Spanish police have not yet identified the driver of a van that ploughed into crowds in a tourist hotspot in Barcelona, killing 13 people and wounding scores of others, and are still searching for him, the regional police commander said on Friday.
Investigators were also trying to pin down links between the Barcelona attackers and a group of five assailants, armed with an axe and knives and wearing fake explosive belts, who were shot dead by police hours later in a seaside resort further down the Mediterranean coast.
The van driver fled after speeding along a pedestrianised section of Las Ramblas, the most famous boulevard in Barcelona, leaving a trail of dead and injured in the latest of a string of attacks across Europe in which militants have used vehicles as weapons.
Police chief Josep Lluis Trapero told a news conference that the driver may or may not be among the five people killed in the resort of Cambrils, 120 km (75 miles) from Barcelona, in the early hours of Friday after they drove their car at pedestrians and police officers.
A Spanish woman was killed in the Cambrils incident, while several other civilians and a police officer were injured.
Three Moroccans held
Police have arrested four people in connection with the attacks, three of them Moroccan and one from Spain’s North African enclave of Melilla, Trapero said. They were aged between 21 and 34, and none had a history of terrorism-related activities.
Police were searching for a man called Moussa Oukabir in connection with the attacks, a police source said, but it was unclear what his suspected role may be. Aged 17 or 18 and of Moroccan origin, he is the younger brother of one of the men arrested on Thursday, according to Spanish media reports.
Trapero said the two attacks in Catalonia had been planned for some time by people operating out of the town of Alcanar, southwest of Barcelona. Alcanar was the scene of an explosion in a house shortly before midnight on Wednesday, which police are now linking to the attacks.

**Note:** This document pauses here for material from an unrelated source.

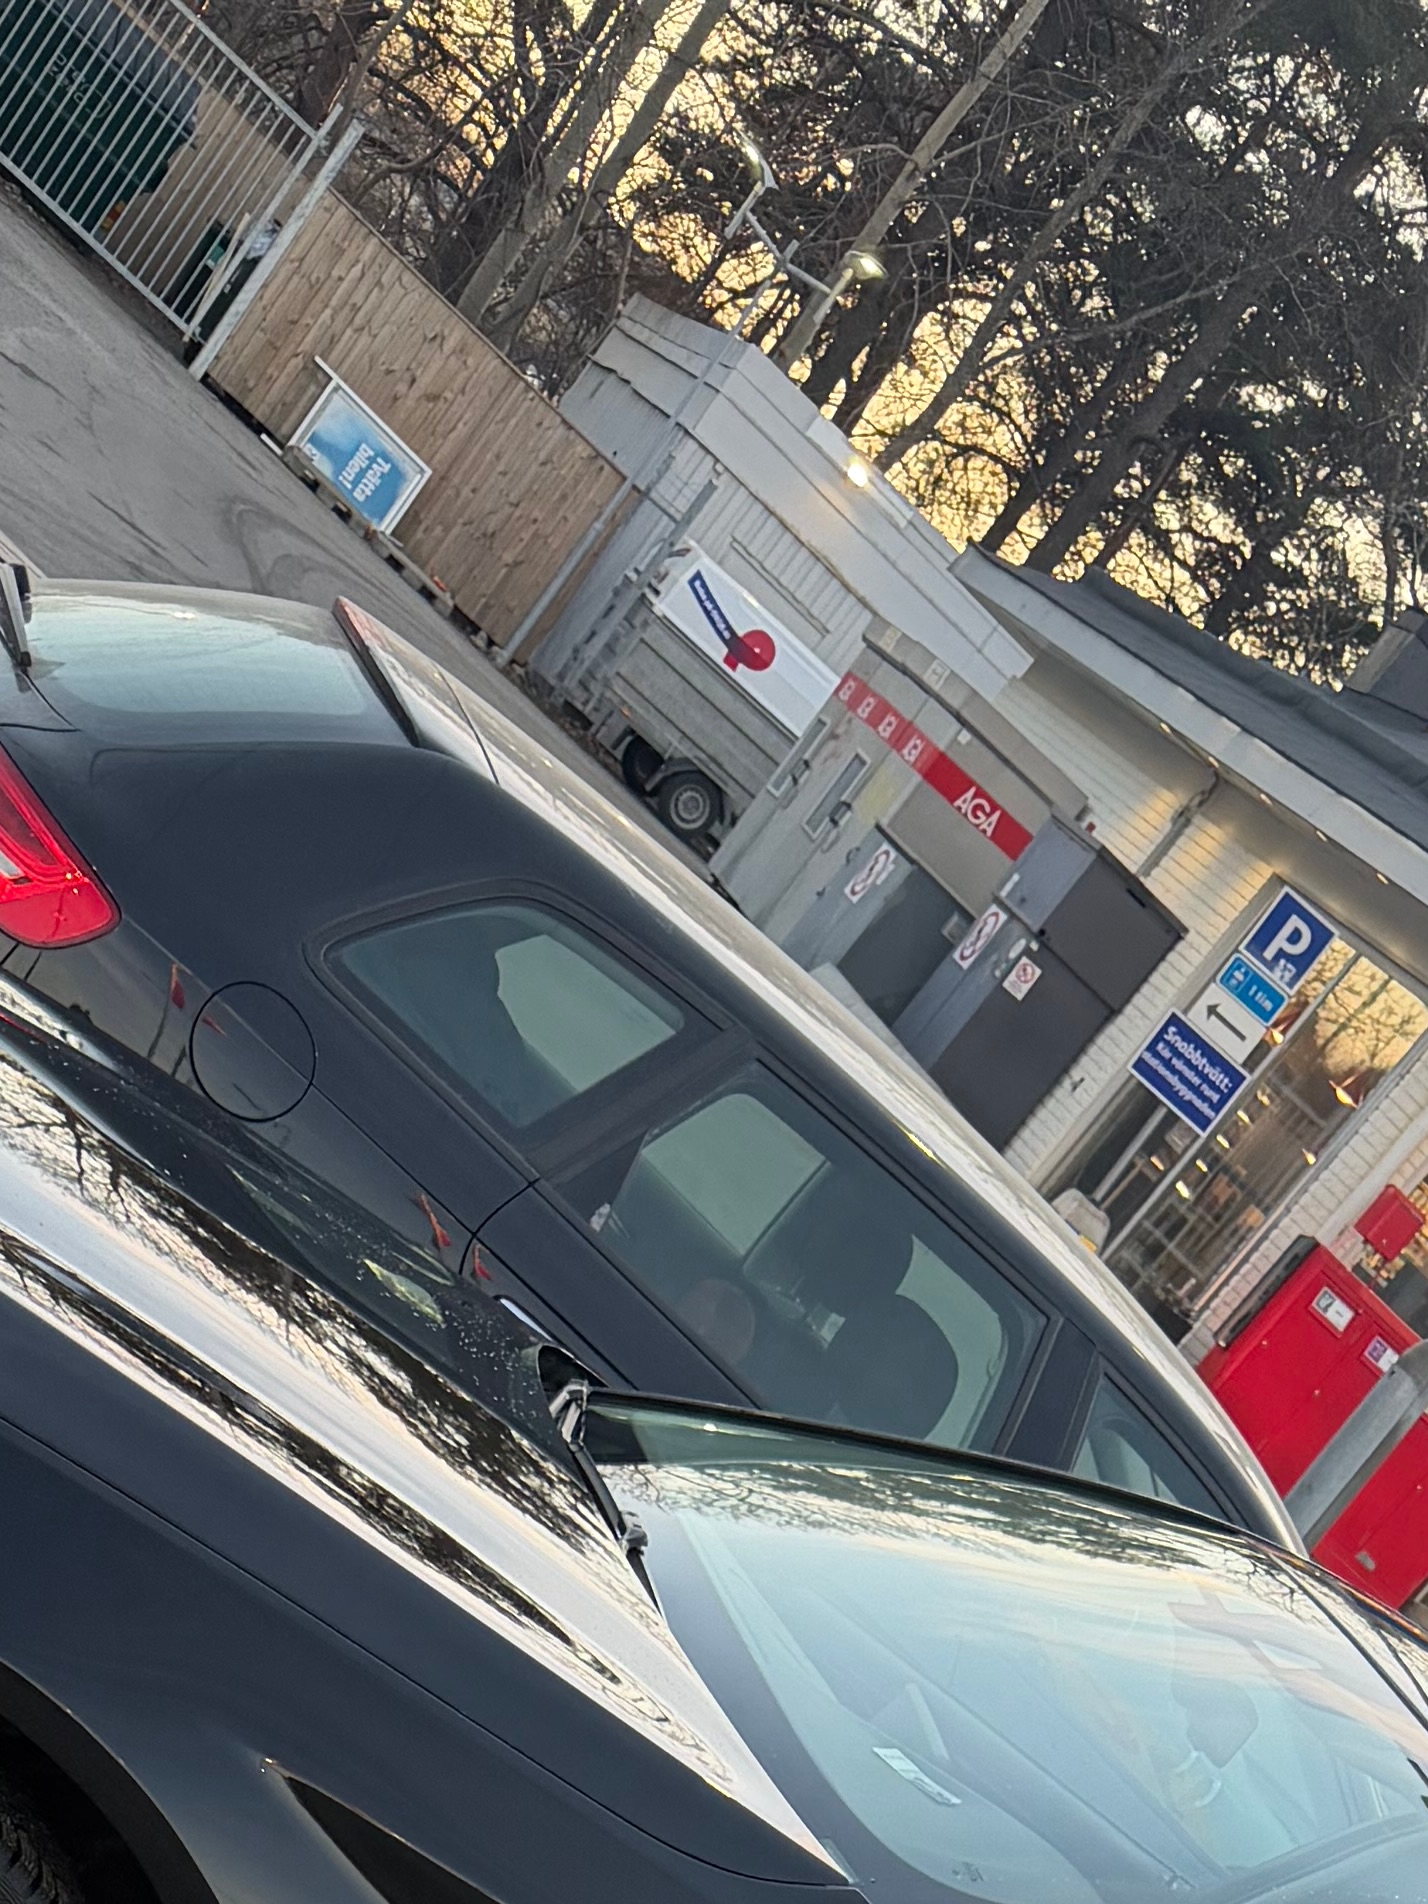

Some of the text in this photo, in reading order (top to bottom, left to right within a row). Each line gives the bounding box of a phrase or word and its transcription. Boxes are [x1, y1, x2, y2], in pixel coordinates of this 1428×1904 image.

Islamic State said the perpetrators of the van attack had been responding to its call for action by carrying out Thursday’s rampage along an avenue thronged with tourists enjoying an afternoon stroll at the peak of the summer season.
Of 126 people injured in the two attacks, 65 were still in hospital and 17 were in a critical condition. The dead and injured came from 34 countries, ranging from France and Germany to Pakistan and the Philippines. Spanish media said several children were killed.
A judicial source said investigators believed a cell of at least eight people, possibly 12, may have been involved in the Barcelona and Cambrils operations and that it had been planning to use gas canisters.
Voices of solidarity
As Spain began three days of mourning, people laid flowers and lit candles in memory of the victims along Las Ramblas. Prime Minister Mariano Rajoy and King Felipe visited Barcelona’s main square nearby to observe a minute’s silence.
Defiant crowds later chanted “I am not afraid” in Catalan.
Foreign leaders voiced condemnation and sympathy, including French President Emmanuel Macron, whose nation has suffered some of Europe’s deadliest recent attacks.